Rangan’s view corresponds with that of the American Medical Association.

“A report presented to the American Medical Association in 1991 from one of its advisory councils found no scientific evidence that supports the contention that Multiple Chemical Sensitivity Syndrome (MCSS) is a significant cause of disease,” AMA spokesman Robert Mills said. Until “accurate, reproducible, and well-controlled studies are available, the AMA Council on Science and Public Health believes that multiple chemical sensitivity should not be considered a recognized clinical syndrome.”

Dietert said much of the controversy over MCSS reflects the medical profession’s lack of understanding of how different people respond to chemical exposures at different levels.

“If we’re not smart enough to figure out all the things that go into it, it doesn’t take away from the fact that they are experiencing those symptoms,” Dietert said.

While causes aren’t well understood, people with MCSS typically have some loss of function of barrier tissues such as mucous membranes in the nose, he said.
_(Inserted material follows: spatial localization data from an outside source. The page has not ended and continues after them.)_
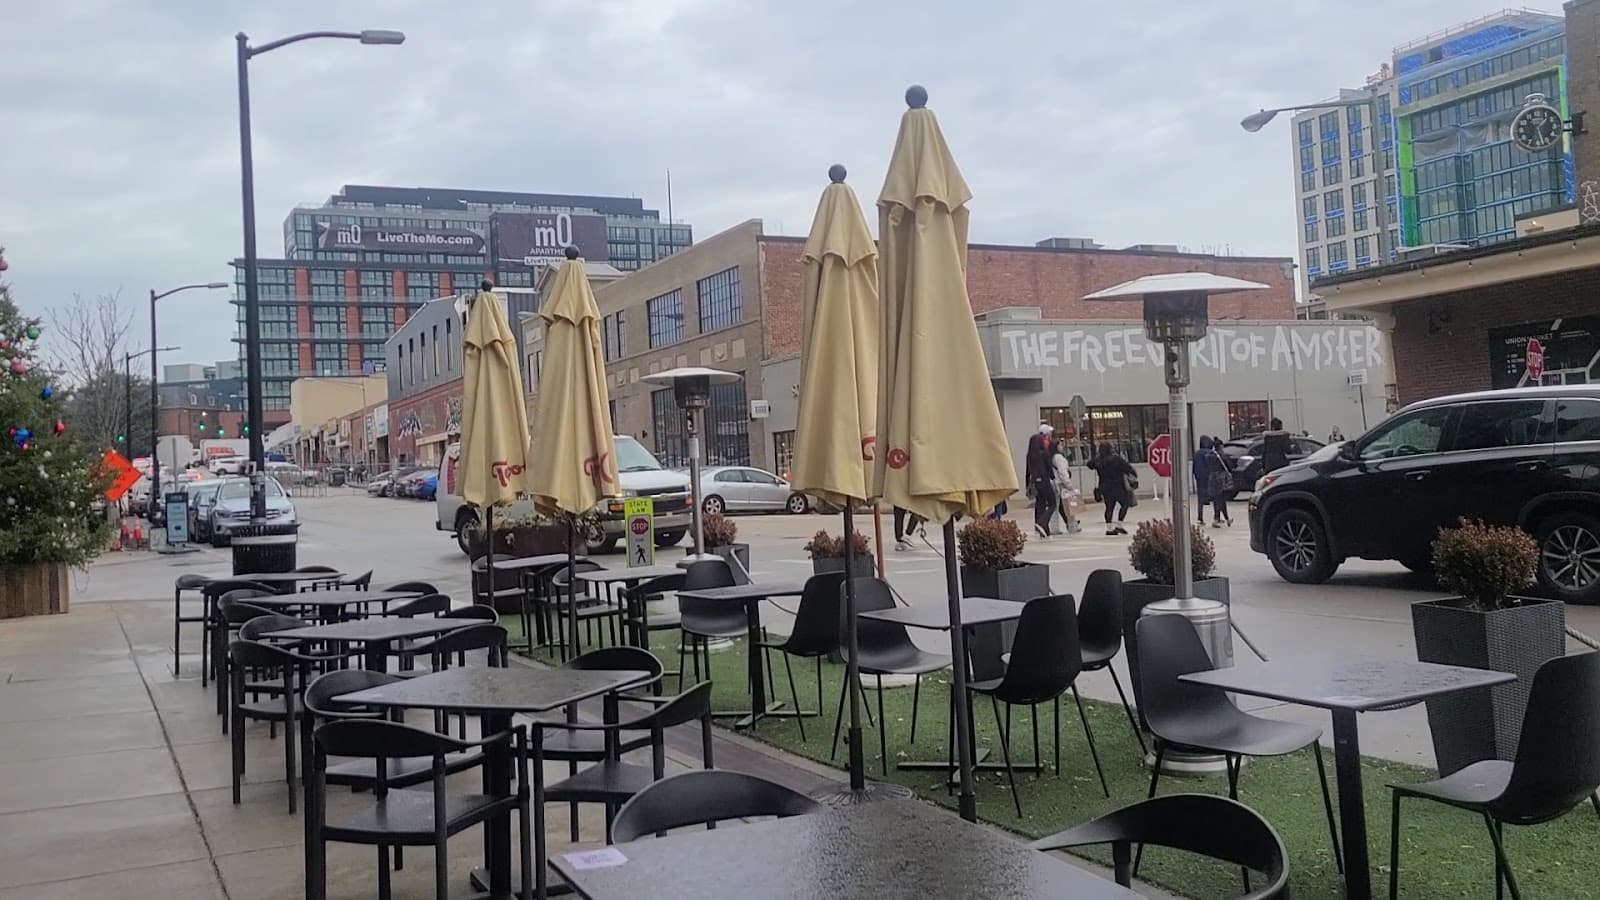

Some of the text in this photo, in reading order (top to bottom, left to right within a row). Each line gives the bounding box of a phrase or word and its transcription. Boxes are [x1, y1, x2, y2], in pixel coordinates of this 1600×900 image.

[376, 231, 474, 245] LiveTheMo.com
[529, 247, 565, 255] APARTME
[1505, 335, 1527, 345] UNION
[1002, 330, 1059, 369] THE
[1063, 328, 1146, 373] FREE
[1230, 332, 1266, 369] OF
[1527, 351, 1542, 368] STOP
[1151, 447, 1171, 465] ST
[632, 523, 648, 531] STOP
That allows chemicals from the environment to more easily penetrate underlying body tissue.

“How you get to that from a gas leak event is still a bit of an open question,” Dietert said.
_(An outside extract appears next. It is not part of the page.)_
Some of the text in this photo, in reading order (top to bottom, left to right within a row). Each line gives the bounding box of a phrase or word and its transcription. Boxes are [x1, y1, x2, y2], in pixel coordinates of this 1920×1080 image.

Before determining whether chemical sensitivity is to blame, it’s important to know more about what residents are being exposed to when they return to their homes, said Janette Hope, a physician in Santa Barbara, Calif., who treats patients for chemical sensitivity and is the past president of the American Academy of Environmental Medicine.
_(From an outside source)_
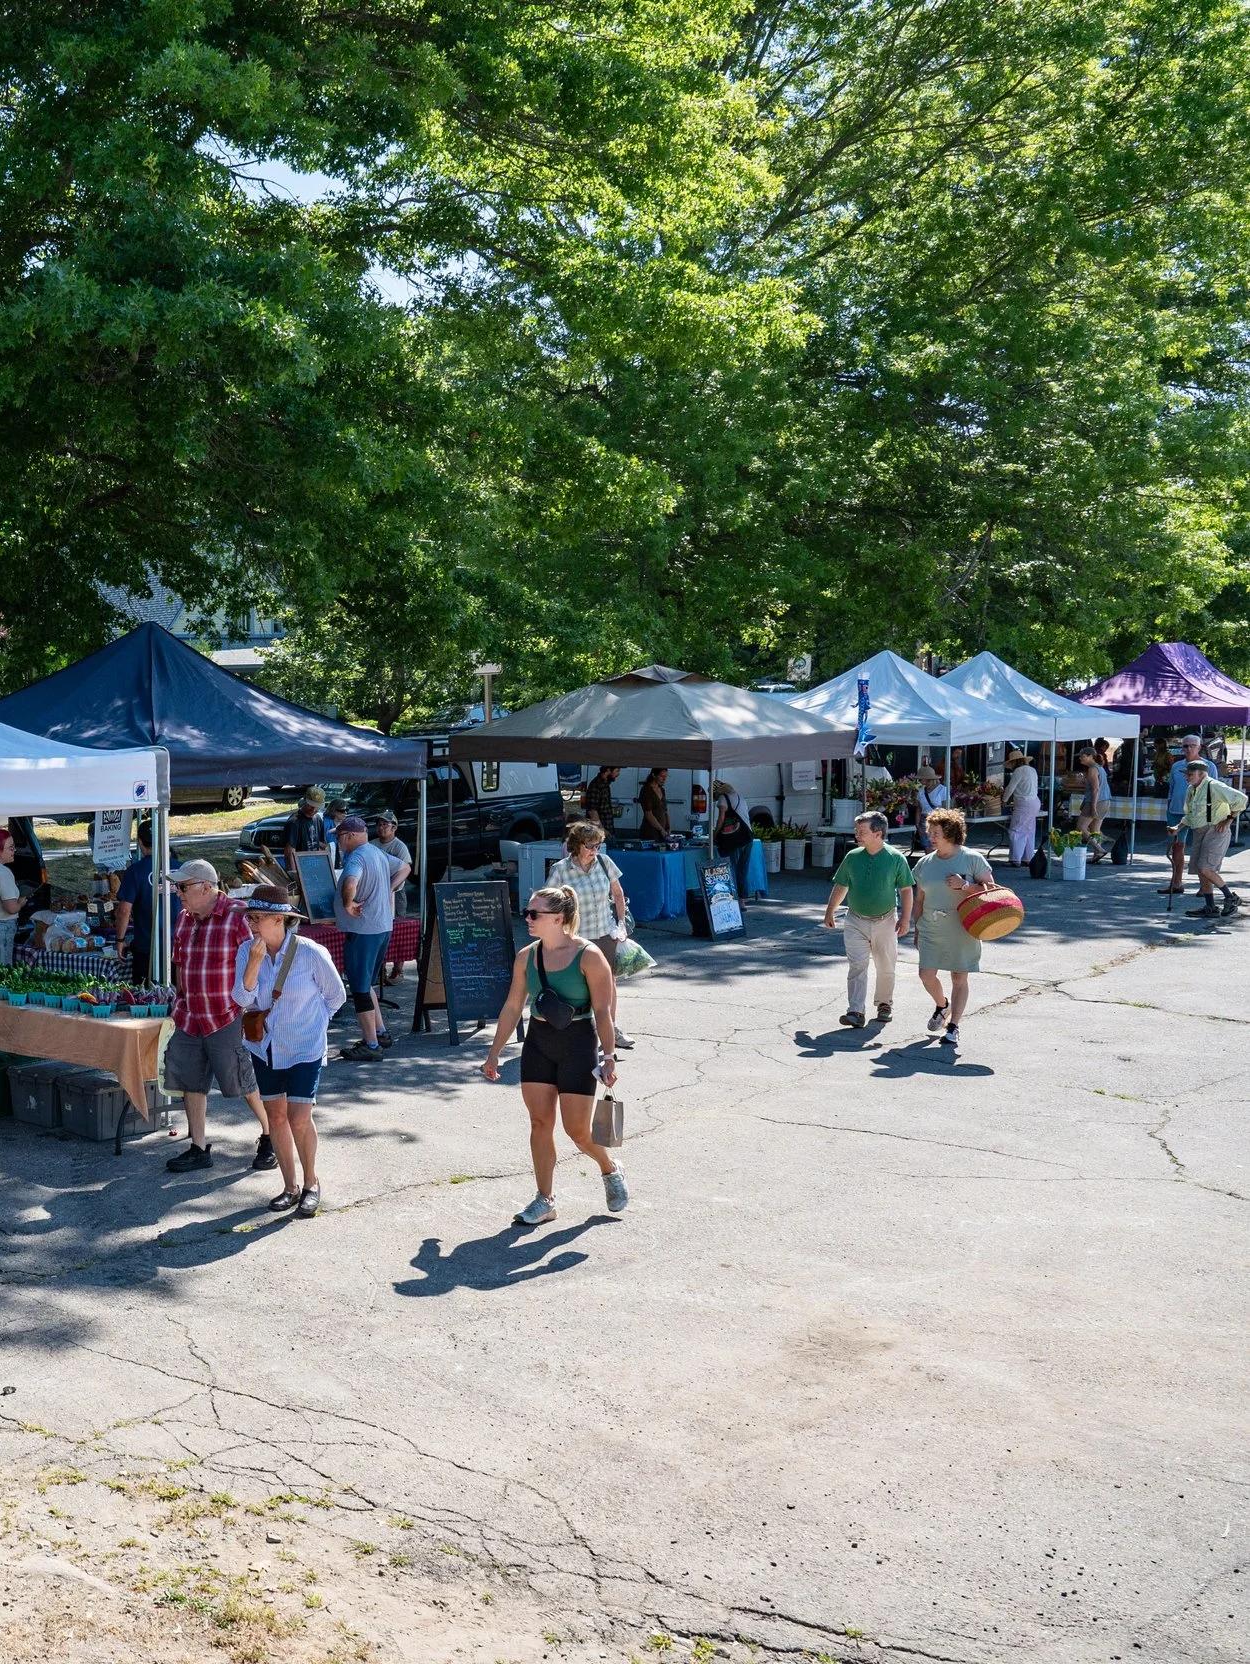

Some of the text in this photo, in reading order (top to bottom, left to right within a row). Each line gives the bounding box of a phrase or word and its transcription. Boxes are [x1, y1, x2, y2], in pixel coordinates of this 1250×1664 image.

“I would definitely want to make sure that their home and indoor air quality and outdoor environments are clean and safe for them before I would describe it as simply chemical sensitivity to very low levels,” Hope said. “I would need to be confident that they weren’t being exposed to toxic levels, and I don’t know if that has been looked at.”

LA County Health Department officials are seeking an extension of several more weeks to complete their indoor air monitoring.

If the Crawfords’ dogs, who have been at home since their relocation approval ran out a month ago, are any indicator, something still may  not be right. Betty, the family’s 4-year-old boxer, has thrown up five times since returning home. Blade, the 4-year-old Chihuahua, recently started panting excessively, coughing and having trouble breathing.

The Crawford family, in more carefree times. Credit: Sandy Crawford

As health experts try to determine the cause of the lingering illnesses, residents are unsure what to do. The Crawfords had their home cleaned a third time, took down the curtains, threw out a carpet and replaced a mattress and all of their sheets, all at their own expense. They tried moving back home a third time last Monday.

Although no one got sick again, the family left Wednesday after a radon detector registered an elevated level of the radioactive gas, which can cause cancer after long exposure. There’s little evidence of elevated radon in the neighborhood, and the Crawfords say they don’t know what to make of the reading.

“I don’t really know if we are going to go home and be safe again,” Sandy Crawford said. “It’s the one place that you are supposed to be able to go and feel safe and you don’t.